The irritating custom of railing off the eastern limb of the church and demanding a fee for admission happily does not obtain at Notre Dame. It is all but universal in England, and renders an intelligent appreciation of the architectural history of our great churches a matter of some difficulty. At Paris one may wander where one will, so long as one does not interrupt the offices. That pompous and irresponsible chatterer the cathedral verger does not impose himself upon us, and disturb our study and diminish our pleasure, as he does in churches on this side the Channel. Only the Sacristy need be visited in the company of an official.
The transepts of French cathedrals are rarely such important features as they are in those of this country. The vast church of Bourges has no transepts at all. At Noyon, as at Paris, the transepts have no aisles. Of the crossing and transepts at Paris Viollet-le-Duc and Guilhermy write as follows:
“At the four angles of the crossing, massive piers, some covered with combined pilasters, others with clustered columns, rise without a break from the ground to the vaulting. The two transepts at the outset were only of two bays similar to those of the nave. They were lengthened by a shallower bay when the façades were rebuilt. The later bays are easily distinguished from the four older ones. Thin round vaulting-ribs cross at a crown deeper and more pronounced than those of the older parts. The north and south doors are set in a rich arcading, of which the divisions and the tympanums can be compared to nothing more fitly than a large window with mullions. In the south transept, statues more or less mutilated, representing Christ and the saints, remain at the points of the gables. In describing the exterior of the façades we pointed out the open gallery which extends the whole breadth of each transept, and the great rose window a little above it. The exterior arcading of the gallery is repeated by a similar arcading inside. There is a passage between the two rows of little columns, and there is another above this. The effect of the rose windows in the interior, with glowing stained glass in all their compartments, recalls the marvellous descriptions that Dante has given us of the circles of Paradise. The incomparable splendour alternately astonishes and enchants us. To decorate the side walls of his bays, Jean de Chelles continued the arcading and the mullioned windows.”

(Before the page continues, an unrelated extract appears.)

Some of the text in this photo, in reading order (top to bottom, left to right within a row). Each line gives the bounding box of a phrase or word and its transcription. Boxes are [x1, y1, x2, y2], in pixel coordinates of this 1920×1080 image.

The vaulting and the rose of the south transept were repaired between the years 1725 and 1728 by Boffrand, the king’s architect, at the expense of Cardinal de Noailles. The pair of arches leading to the choir aisles with their elaborate crocketed canopies are somewhat feebly contrived in both transepts. The clustered shafts are clumsily arranged. The details on the north side differ from those on the south. On the east and west sides of both transepts there are two narrow bays of the triforium. The clerestory consists of short pointed windows with wheel windows beneath them. This is due to Viollet-le-Duc, and is intended to show us the arrangement which obtained throughout the church previous to the alterations which resulted from the fire in the thirteenth century.[12]

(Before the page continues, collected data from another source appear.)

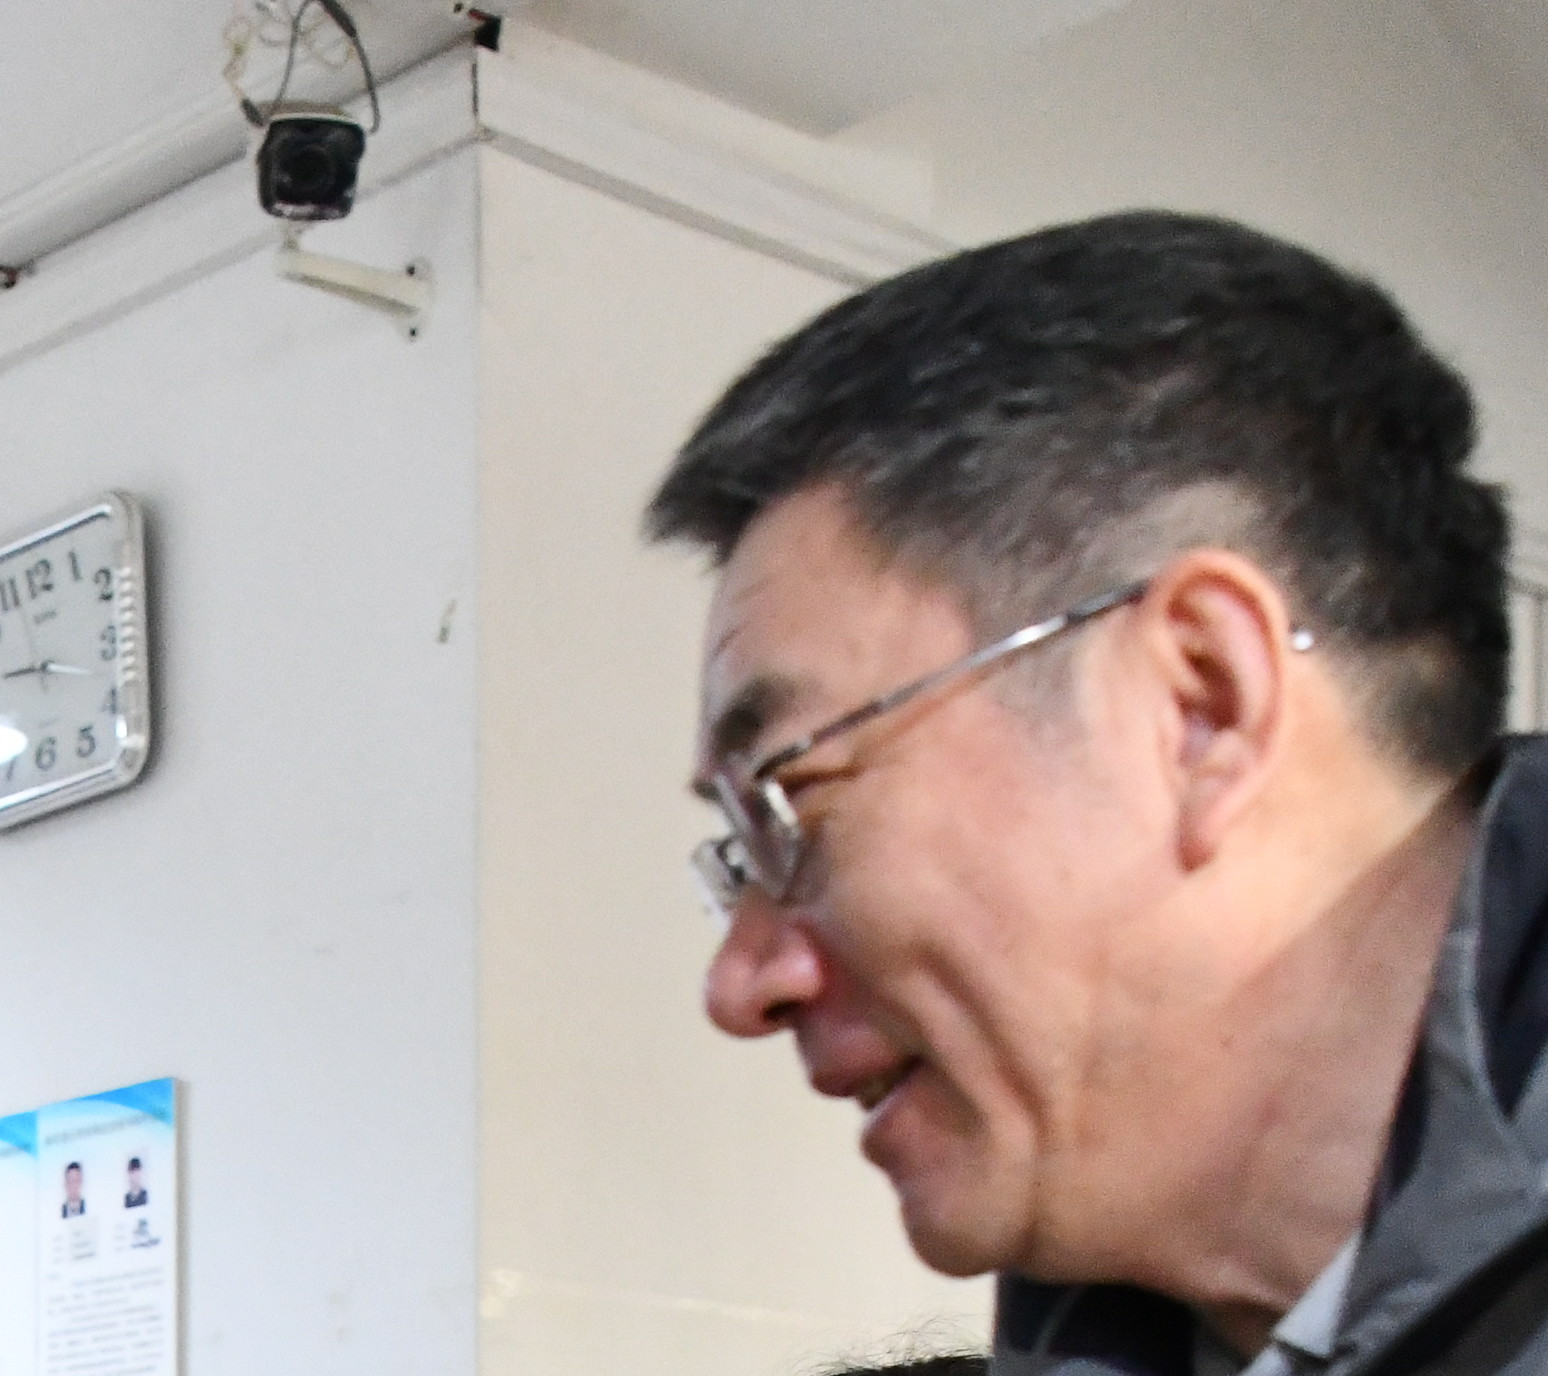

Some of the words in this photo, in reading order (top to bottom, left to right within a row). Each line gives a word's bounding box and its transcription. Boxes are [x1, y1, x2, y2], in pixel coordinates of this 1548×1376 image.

[25, 558, 54, 600] 12
[68, 550, 82, 582] 1
[93, 567, 114, 602] 2
[100, 625, 117, 662] 3
[102, 688, 118, 715] 4
[35, 736, 56, 771] 6
[76, 725, 96, 759] 5

[12] In his “Paris” (London, Edward Arnold, 1900), Mr. Hilaire Belloc thus refers to the fire of 1218: “In 1218 a happy accident gave us the incomparable unity which the Cathedral alone possesses among mediæval monuments; for in that year, on the eve of the Assumption, four inspired thieves climbed into the roof-tree and warily let down ropes with slip-knots to lasso the silver candlesticks on the altar. These they snared, but as they pulled them up the lights set fire to the hangings that were stretched for the feasts, and the fire spread to the whole choir.” The writer gives no authority for this story.